**Work to complete**
An exact copy of every entry is needed, without the pictures.

**Data in this exercise**
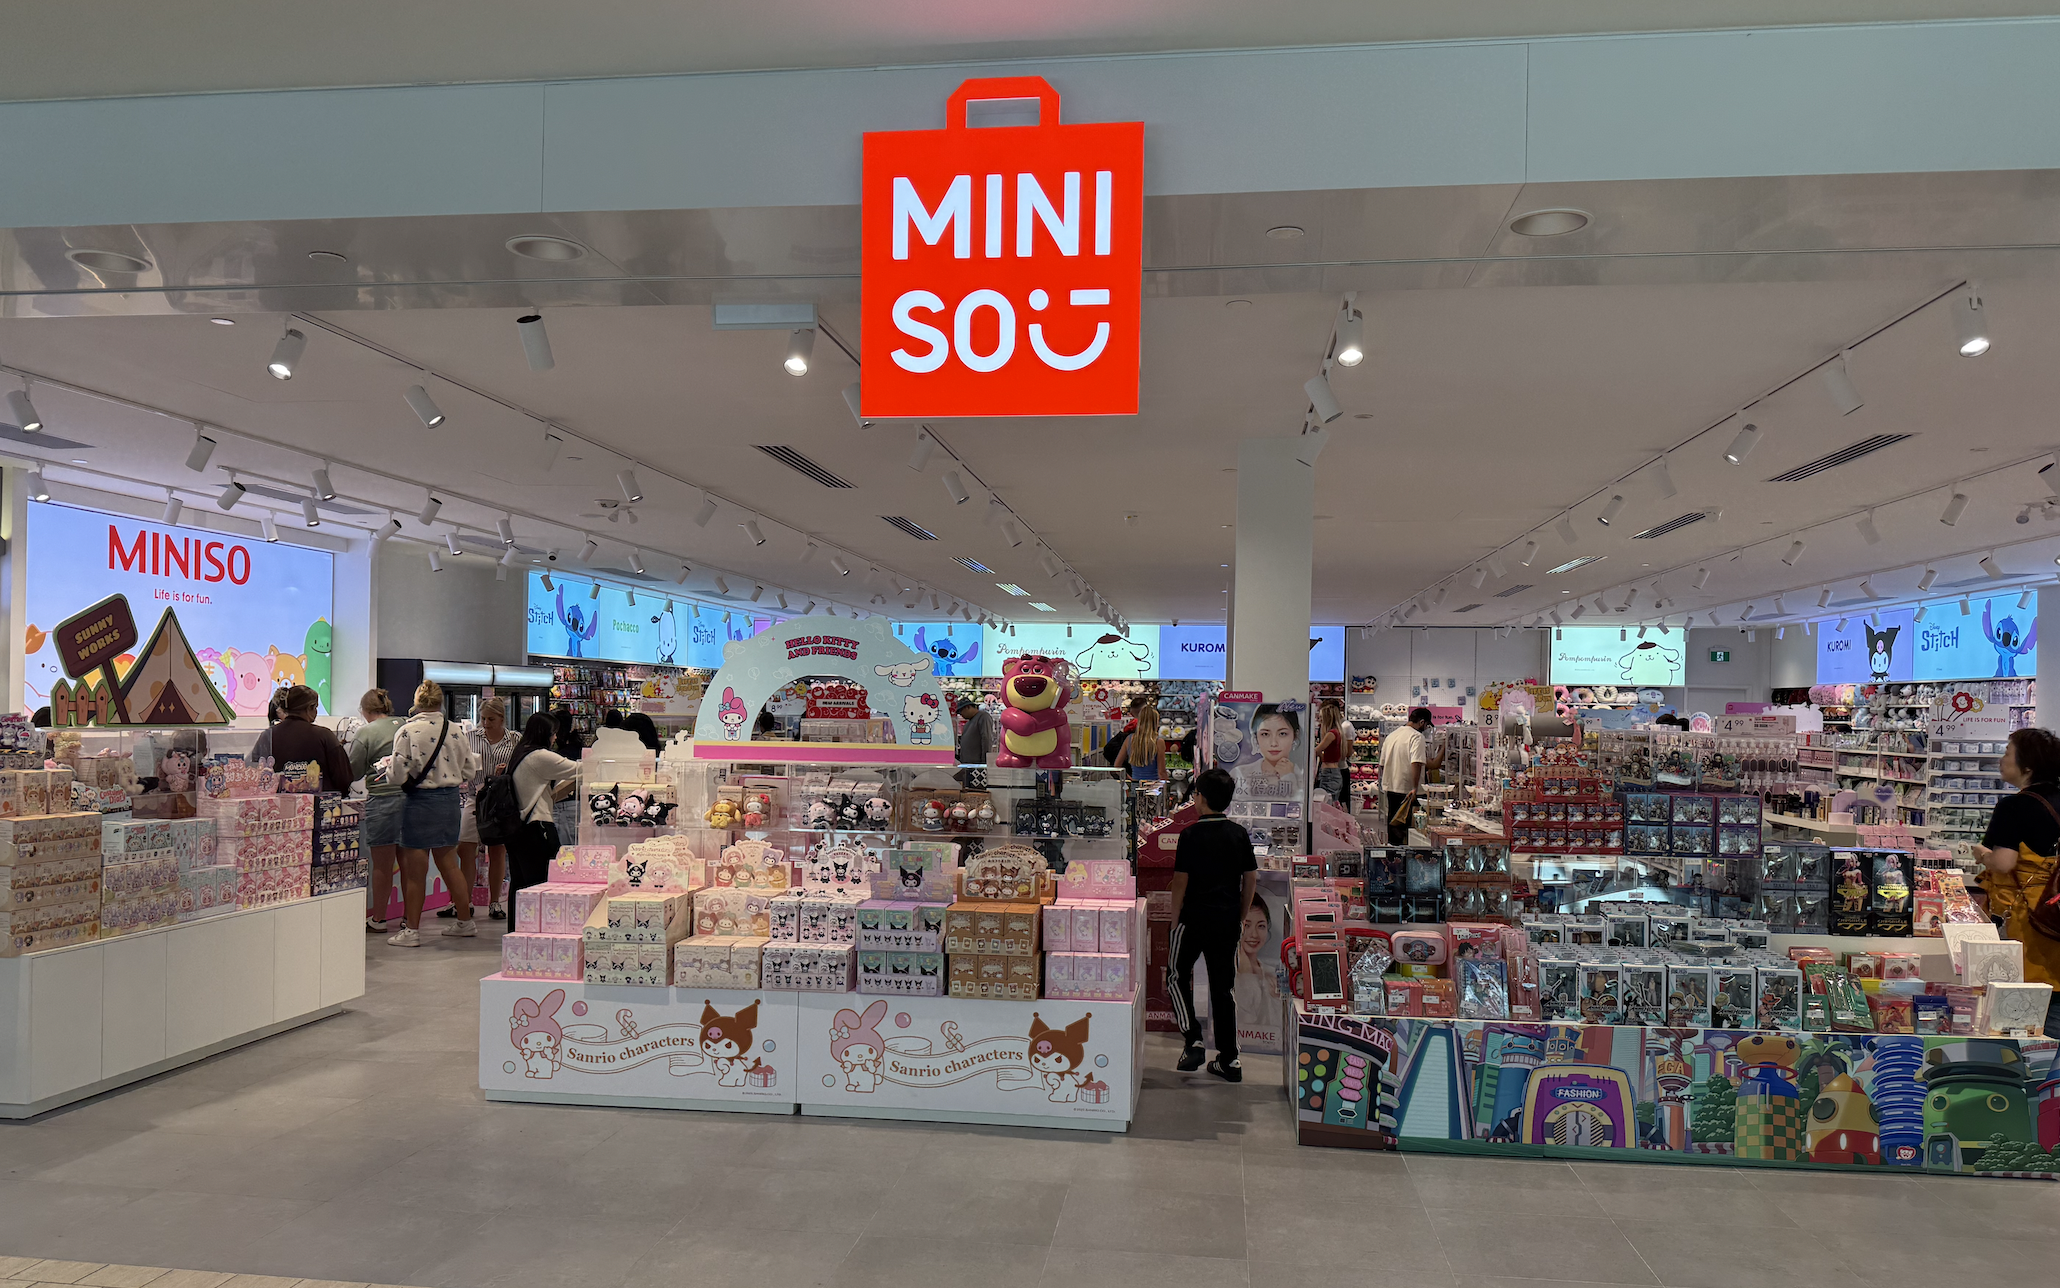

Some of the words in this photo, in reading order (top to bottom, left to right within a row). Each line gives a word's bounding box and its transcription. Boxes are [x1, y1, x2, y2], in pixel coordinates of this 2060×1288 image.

[893, 171, 1112, 260] MINI
[890, 289, 1016, 373] SO
[108, 524, 251, 585] MINISO
[154, 589, 170, 601] Life
[173, 591, 180, 602] is
[182, 591, 195, 603] for
[196, 592, 213, 604] fun.
[74, 614, 114, 645] SUNNY
[612, 619, 640, 633] Pochacco
[77, 629, 120, 661] WORKS
[785, 635, 822, 650] HELLO
[822, 635, 860, 650] KITTY
[1181, 643, 1225, 653] KUROM
[1827, 639, 1852, 653] KUROMI
[787, 647, 811, 660] AND
[811, 646, 858, 660] FRIENDS
[1223, 692, 1258, 700] CANMAKE
[1276, 699, 1305, 712] New
[567, 1047, 616, 1064] Sanrio
[619, 1036, 695, 1060] characters
[889, 1060, 940, 1078] Sanrio
[944, 1048, 1023, 1075] characters
[1558, 1089, 1599, 1098] FASHION
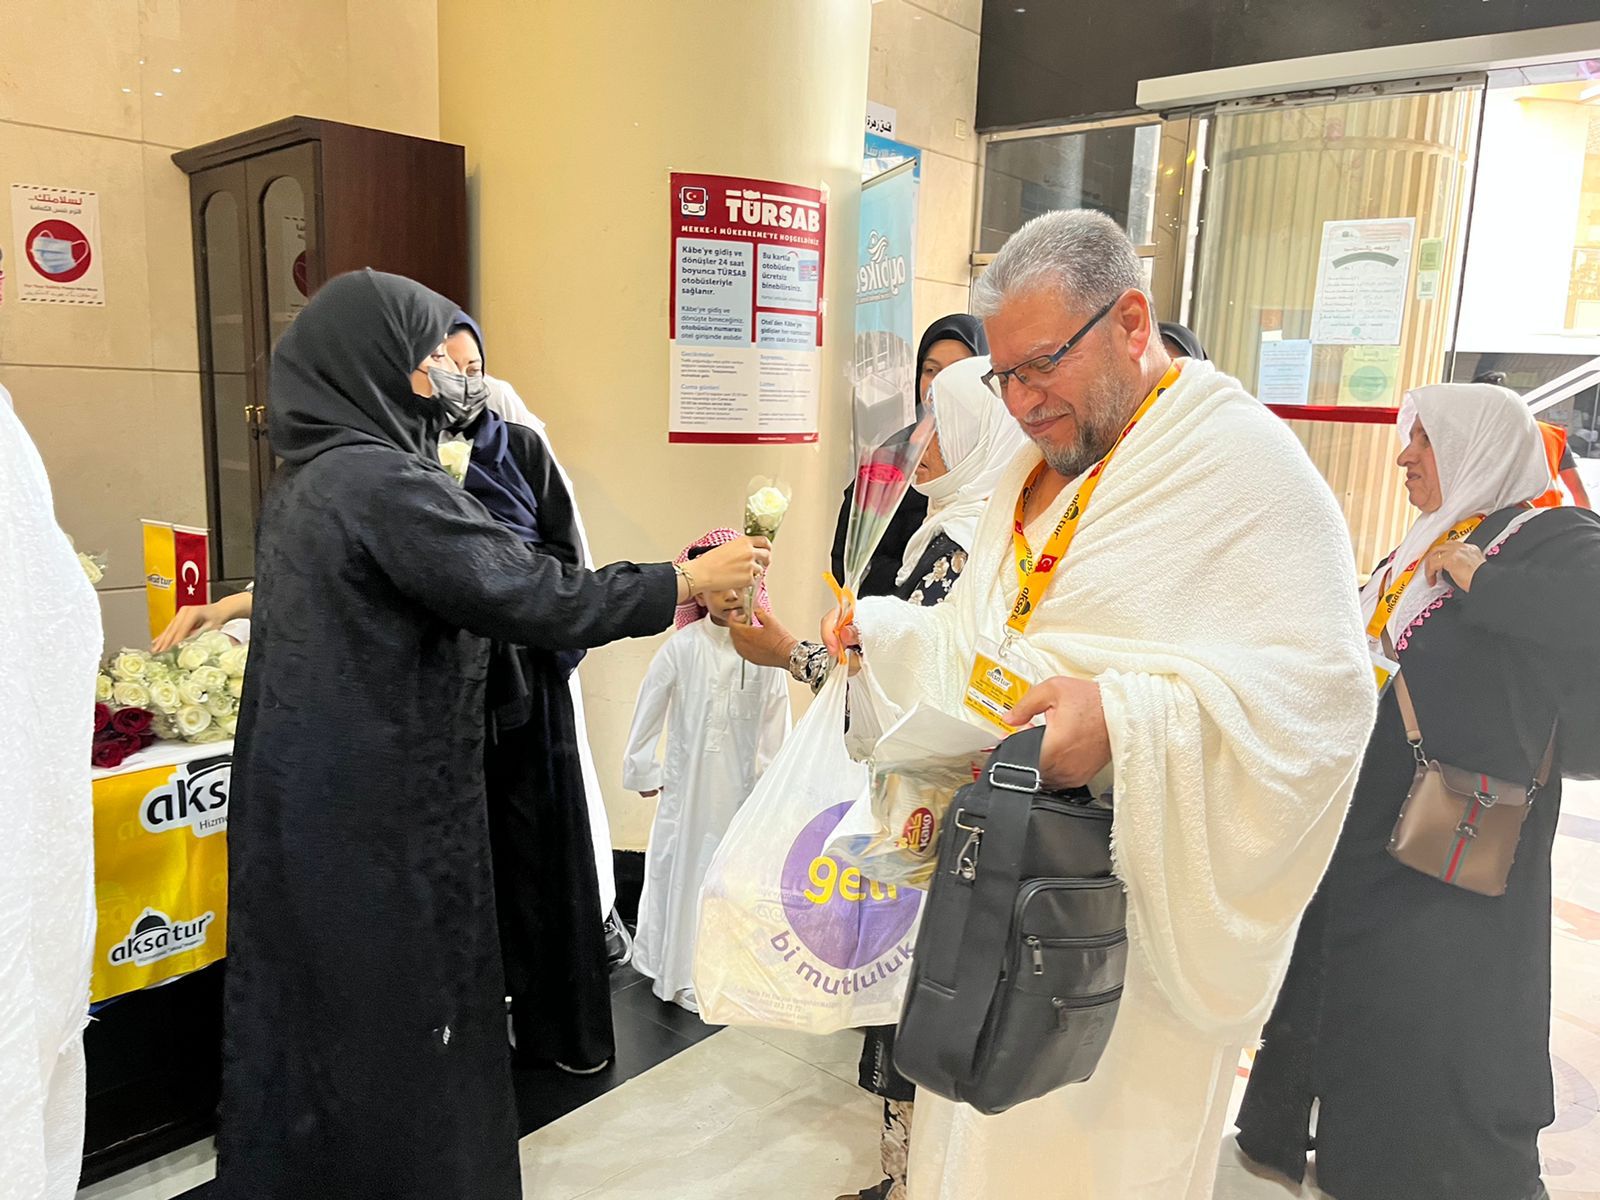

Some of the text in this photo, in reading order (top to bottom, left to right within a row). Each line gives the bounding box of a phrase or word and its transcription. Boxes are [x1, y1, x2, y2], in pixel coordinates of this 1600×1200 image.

[726, 198, 820, 233] TÜRSAB
[681, 225, 819, 246] MEKKE-İ MÜKERREME'YE HOŞGELDİNİZ
[682, 246, 713, 257] Kâbe'ye
[714, 248, 733, 257] gidiş
[682, 256, 717, 266] dönüşler
[772, 253, 790, 261] kartla
[682, 267, 747, 277] boyunca TÜRSAB
[762, 263, 796, 272] otobüslere
[761, 272, 787, 280] ücretsiz
[681, 277, 733, 287] otobüsleriyle
[682, 287, 715, 296] sağlanır.
[707, 306, 722, 314] gidiş
[1054, 493, 1079, 537] aksa tur
[112, 932, 170, 962] aksa
[173, 917, 208, 941] tur
[770, 929, 916, 997] bi mutluluk
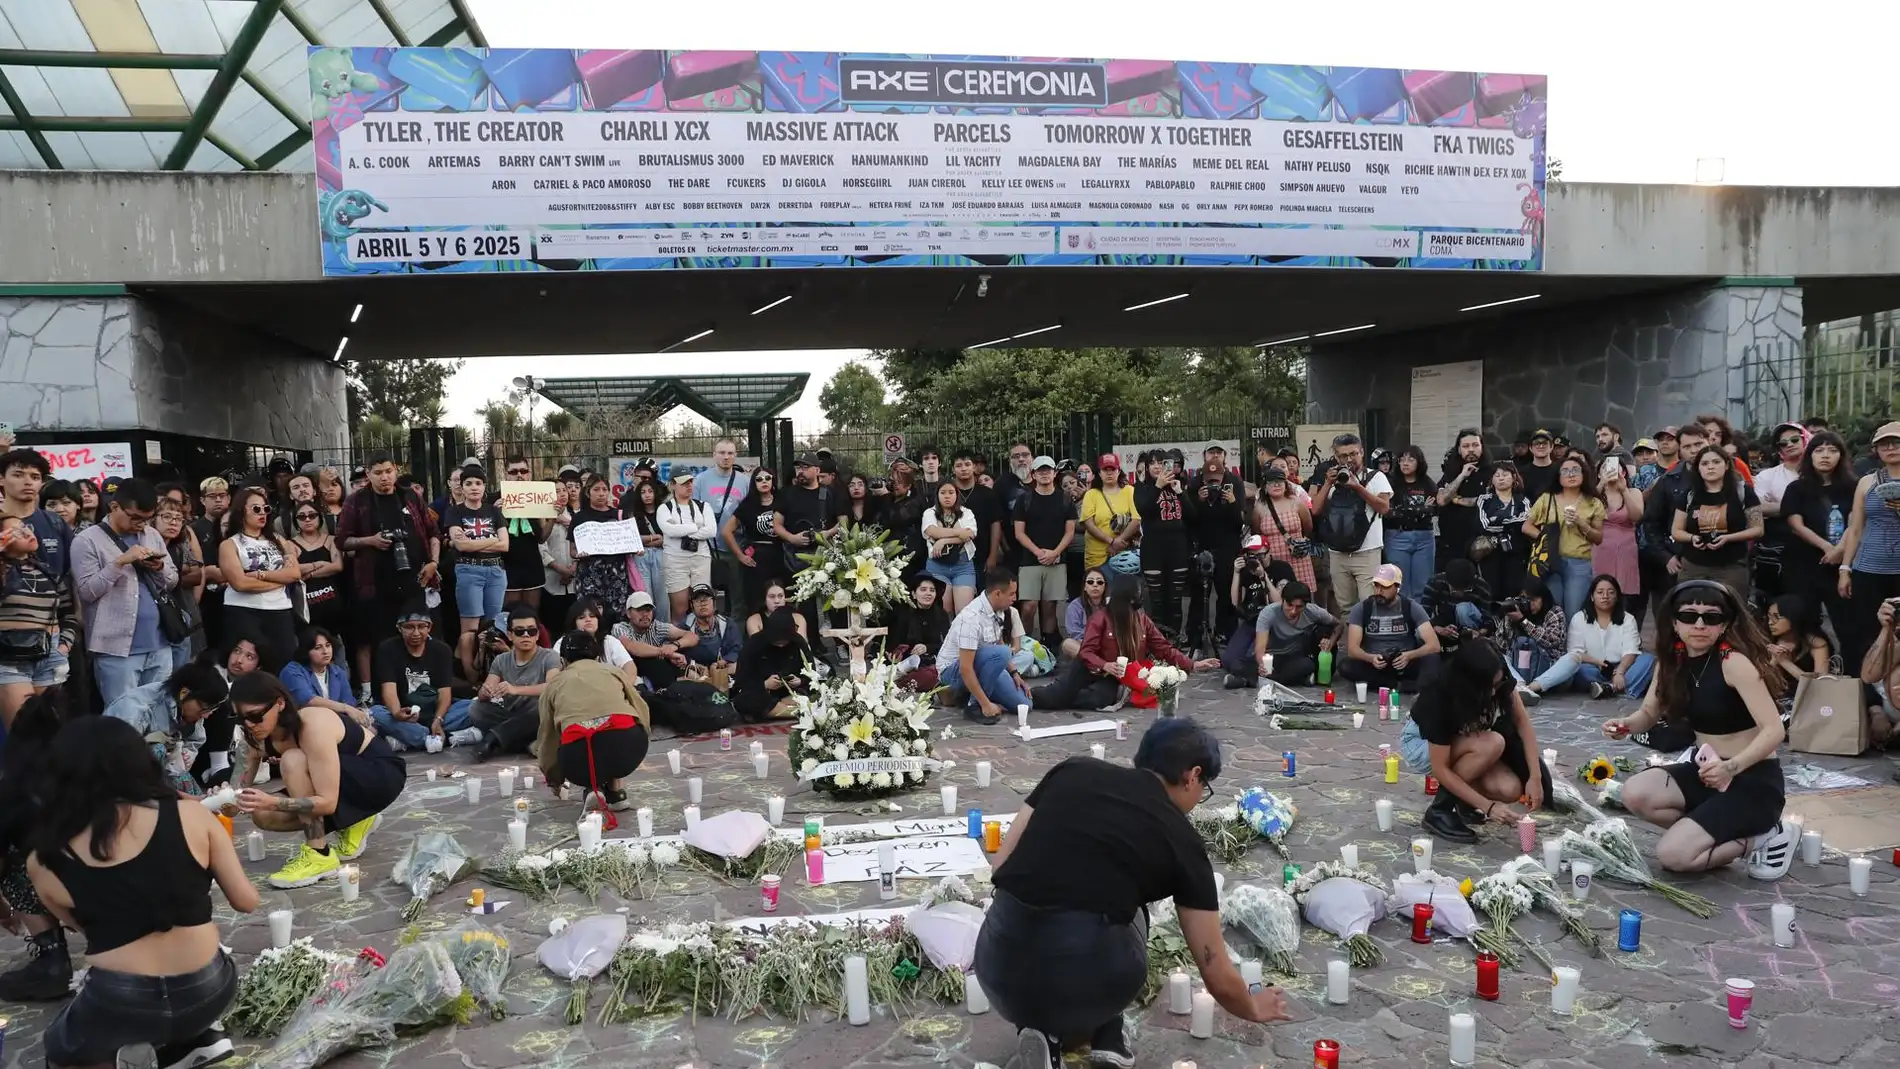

**Answer below**
Some of the words in this photo, in reading order (top to bottom, left to right within a row). Each line gives a word's bounding box and its transcription. Boxes are [x1, y1, x2, y2], in pixel coordinates of this 2060×1288 image.

[893, 171, 1112, 260] MINI
[890, 289, 1016, 373] SO
[108, 524, 251, 585] MINISO
[154, 589, 170, 601] Life
[173, 591, 180, 602] is
[182, 591, 195, 603] for
[196, 592, 213, 604] fun.
[74, 614, 114, 645] SUNNY
[612, 619, 640, 633] Pochacco
[77, 629, 120, 661] WORKS
[785, 635, 822, 650] HELLO
[822, 635, 860, 650] KITTY
[1181, 643, 1225, 653] KUROM
[1827, 639, 1852, 653] KUROMI
[787, 647, 811, 660] AND
[811, 646, 858, 660] FRIENDS
[1223, 692, 1258, 700] CANMAKE
[1276, 699, 1305, 712] New
[567, 1047, 616, 1064] Sanrio
[619, 1036, 695, 1060] characters
[889, 1060, 940, 1078] Sanrio
[944, 1048, 1023, 1075] characters
[1558, 1089, 1599, 1098] FASHION

Some of the text in this photo, in reading order (top to bottom, left to right within a row). Each line gives the bounding box of a phrase or word and its transcription. Boxes are [x1, y1, x2, y2], in pixel coordinates of this 1600×1200 image.

[726, 198, 820, 233] TÜRSAB
[681, 225, 819, 246] MEKKE-İ MÜKERREME'YE HOŞGELDİNİZ
[682, 246, 713, 257] Kâbe'ye
[714, 248, 733, 257] gidiş
[682, 256, 717, 266] dönüşler
[772, 253, 790, 261] kartla
[682, 267, 747, 277] boyunca TÜRSAB
[762, 263, 796, 272] otobüslere
[761, 272, 787, 280] ücretsiz
[681, 277, 733, 287] otobüsleriyle
[682, 287, 715, 296] sağlanır.
[707, 306, 722, 314] gidiş
[1054, 493, 1079, 537] aksa tur
[112, 932, 170, 962] aksa
[173, 917, 208, 941] tur
[770, 929, 916, 997] bi mutluluk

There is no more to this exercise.